Stored data entries:
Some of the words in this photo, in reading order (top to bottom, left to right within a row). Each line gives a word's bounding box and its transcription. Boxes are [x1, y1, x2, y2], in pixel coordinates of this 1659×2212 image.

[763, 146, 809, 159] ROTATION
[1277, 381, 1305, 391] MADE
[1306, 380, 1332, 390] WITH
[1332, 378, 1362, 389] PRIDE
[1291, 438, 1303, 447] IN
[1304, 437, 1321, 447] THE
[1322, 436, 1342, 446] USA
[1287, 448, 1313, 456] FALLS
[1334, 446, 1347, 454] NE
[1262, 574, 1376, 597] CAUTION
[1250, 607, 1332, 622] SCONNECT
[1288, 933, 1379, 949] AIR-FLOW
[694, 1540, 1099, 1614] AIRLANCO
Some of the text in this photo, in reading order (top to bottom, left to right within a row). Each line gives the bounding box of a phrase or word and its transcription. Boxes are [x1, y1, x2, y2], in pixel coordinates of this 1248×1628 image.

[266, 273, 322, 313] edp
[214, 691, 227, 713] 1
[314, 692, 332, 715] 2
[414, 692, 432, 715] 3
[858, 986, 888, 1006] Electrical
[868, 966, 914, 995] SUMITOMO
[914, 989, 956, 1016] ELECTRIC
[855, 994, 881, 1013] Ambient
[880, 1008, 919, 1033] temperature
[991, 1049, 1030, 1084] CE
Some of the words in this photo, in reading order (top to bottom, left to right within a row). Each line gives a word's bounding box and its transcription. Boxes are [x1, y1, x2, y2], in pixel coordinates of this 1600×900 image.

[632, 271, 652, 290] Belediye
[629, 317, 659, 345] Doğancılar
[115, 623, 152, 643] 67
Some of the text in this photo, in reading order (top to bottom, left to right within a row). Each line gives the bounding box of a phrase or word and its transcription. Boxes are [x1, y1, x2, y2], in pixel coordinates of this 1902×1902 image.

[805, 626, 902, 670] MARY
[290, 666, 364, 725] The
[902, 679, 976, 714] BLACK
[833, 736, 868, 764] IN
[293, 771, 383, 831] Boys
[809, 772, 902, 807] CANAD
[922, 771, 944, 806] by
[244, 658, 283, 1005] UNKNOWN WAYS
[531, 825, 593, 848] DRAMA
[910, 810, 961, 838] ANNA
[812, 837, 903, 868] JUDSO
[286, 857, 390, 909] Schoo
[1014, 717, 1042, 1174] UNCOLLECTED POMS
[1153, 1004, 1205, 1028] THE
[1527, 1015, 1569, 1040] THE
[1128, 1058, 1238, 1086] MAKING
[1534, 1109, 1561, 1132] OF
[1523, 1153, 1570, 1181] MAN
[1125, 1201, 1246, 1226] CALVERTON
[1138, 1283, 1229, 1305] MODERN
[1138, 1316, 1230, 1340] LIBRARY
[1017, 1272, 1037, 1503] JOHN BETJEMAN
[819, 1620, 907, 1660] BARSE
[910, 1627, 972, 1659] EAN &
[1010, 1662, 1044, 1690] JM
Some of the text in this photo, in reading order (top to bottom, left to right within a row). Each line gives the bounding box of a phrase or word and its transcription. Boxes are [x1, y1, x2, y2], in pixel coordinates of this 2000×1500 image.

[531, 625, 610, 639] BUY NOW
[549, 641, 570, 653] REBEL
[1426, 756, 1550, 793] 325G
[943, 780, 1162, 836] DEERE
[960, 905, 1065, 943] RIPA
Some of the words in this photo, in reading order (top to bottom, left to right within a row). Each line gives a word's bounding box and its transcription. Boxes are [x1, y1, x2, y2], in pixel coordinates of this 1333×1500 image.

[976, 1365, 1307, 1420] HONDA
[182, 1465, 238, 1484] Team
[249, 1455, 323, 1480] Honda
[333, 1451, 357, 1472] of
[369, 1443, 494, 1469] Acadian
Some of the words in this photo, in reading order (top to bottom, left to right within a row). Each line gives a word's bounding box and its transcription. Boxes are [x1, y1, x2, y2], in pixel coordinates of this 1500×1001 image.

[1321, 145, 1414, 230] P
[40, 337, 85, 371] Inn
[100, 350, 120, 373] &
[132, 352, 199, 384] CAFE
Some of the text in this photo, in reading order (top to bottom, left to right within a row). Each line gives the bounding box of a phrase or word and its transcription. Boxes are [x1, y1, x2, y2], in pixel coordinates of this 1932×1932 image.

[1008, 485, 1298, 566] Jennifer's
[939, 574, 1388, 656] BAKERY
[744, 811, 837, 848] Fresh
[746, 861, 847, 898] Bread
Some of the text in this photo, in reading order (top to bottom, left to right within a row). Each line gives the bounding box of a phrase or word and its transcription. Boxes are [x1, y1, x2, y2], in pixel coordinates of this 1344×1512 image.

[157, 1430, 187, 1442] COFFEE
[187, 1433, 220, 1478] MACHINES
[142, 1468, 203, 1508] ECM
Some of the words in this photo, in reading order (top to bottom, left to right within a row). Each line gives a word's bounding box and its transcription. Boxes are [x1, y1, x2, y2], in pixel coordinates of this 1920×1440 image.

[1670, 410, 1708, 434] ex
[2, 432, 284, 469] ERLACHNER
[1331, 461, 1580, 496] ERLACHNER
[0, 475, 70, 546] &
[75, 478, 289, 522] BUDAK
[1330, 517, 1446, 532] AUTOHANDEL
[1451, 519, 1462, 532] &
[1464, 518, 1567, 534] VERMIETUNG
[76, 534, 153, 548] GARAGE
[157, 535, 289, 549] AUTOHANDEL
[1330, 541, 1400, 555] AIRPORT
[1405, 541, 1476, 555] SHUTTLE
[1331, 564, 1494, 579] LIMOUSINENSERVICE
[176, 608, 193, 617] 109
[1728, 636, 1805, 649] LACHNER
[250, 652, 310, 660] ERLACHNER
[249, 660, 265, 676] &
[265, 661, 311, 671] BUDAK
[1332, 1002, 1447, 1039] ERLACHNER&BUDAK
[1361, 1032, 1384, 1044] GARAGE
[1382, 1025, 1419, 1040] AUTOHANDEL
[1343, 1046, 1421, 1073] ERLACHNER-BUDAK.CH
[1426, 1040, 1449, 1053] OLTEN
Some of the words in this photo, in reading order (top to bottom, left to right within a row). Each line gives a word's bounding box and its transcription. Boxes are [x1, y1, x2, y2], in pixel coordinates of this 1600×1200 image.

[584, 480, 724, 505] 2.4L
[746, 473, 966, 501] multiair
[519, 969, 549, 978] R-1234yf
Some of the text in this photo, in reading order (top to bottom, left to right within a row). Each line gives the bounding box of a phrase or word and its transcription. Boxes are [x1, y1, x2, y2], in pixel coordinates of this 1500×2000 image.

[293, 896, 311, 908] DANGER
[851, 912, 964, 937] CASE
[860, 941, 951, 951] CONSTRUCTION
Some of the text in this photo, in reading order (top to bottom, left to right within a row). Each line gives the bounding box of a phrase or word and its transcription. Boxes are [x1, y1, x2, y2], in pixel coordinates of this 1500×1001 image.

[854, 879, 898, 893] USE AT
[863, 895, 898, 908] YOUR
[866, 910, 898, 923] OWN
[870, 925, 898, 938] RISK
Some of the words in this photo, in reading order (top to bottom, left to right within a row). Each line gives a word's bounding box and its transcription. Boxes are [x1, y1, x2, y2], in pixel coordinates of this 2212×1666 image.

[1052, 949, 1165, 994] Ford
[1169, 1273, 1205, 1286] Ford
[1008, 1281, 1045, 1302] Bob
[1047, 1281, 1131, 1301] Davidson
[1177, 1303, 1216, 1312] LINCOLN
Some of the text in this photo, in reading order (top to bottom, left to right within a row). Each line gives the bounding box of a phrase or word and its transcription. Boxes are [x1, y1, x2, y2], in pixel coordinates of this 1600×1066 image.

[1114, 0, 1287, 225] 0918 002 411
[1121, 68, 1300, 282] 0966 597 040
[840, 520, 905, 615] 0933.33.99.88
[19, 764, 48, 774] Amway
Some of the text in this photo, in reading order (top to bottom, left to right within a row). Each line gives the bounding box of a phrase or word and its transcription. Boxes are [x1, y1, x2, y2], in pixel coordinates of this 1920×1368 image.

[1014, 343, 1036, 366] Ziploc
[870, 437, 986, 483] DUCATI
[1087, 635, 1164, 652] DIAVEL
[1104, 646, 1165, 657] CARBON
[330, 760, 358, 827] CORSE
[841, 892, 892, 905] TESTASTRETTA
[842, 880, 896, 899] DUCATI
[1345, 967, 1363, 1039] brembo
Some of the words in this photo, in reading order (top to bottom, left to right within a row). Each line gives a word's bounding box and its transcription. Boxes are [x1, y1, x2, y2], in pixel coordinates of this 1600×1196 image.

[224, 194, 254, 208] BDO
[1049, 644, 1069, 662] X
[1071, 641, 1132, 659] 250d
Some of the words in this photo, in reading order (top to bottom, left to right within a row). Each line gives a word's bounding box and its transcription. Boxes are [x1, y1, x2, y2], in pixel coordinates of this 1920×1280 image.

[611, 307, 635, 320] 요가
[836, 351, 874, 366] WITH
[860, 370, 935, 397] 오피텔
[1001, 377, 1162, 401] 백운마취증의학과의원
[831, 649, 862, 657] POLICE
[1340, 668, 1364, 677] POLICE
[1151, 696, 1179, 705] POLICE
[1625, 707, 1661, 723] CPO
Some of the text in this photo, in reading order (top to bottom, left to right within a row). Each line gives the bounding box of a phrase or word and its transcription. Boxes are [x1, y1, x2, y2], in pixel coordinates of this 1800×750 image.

**Work instructions:** Copy nothing except the lines from the one with "this 1920×1368 image." through the end of the records; keep each exactly as it appears, first and last included.

**Result:**
Some of the text in this photo, in reading order (top to bottom, left to right within a row). Each line gives the bounding box of a phrase or word and its transcription. Boxes are [x1, y1, x2, y2], in pixel coordinates of this 1920×1368 image.

[1014, 343, 1036, 366] Ziploc
[870, 437, 986, 483] DUCATI
[1087, 635, 1164, 652] DIAVEL
[1104, 646, 1165, 657] CARBON
[330, 760, 358, 827] CORSE
[841, 892, 892, 905] TESTASTRETTA
[842, 880, 896, 899] DUCATI
[1345, 967, 1363, 1039] brembo
Some of the words in this photo, in reading order (top to bottom, left to right within a row). Each line gives a word's bounding box and its transcription. Boxes are [x1, y1, x2, y2], in pixel coordinates of this 1600×1196 image.

[224, 194, 254, 208] BDO
[1049, 644, 1069, 662] X
[1071, 641, 1132, 659] 250d
Some of the words in this photo, in reading order (top to bottom, left to right within a row). Each line gives a word's bounding box and its transcription. Boxes are [x1, y1, x2, y2], in pixel coordinates of this 1920×1280 image.

[611, 307, 635, 320] 요가
[836, 351, 874, 366] WITH
[860, 370, 935, 397] 오피텔
[1001, 377, 1162, 401] 백운마취증의학과의원
[831, 649, 862, 657] POLICE
[1340, 668, 1364, 677] POLICE
[1151, 696, 1179, 705] POLICE
[1625, 707, 1661, 723] CPO
Some of the text in this photo, in reading order (top to bottom, left to right within a row). Each line gives the bounding box of a phrase or word and its transcription. Boxes are [x1, y1, x2, y2], in pixel coordinates of this 1800×750 image.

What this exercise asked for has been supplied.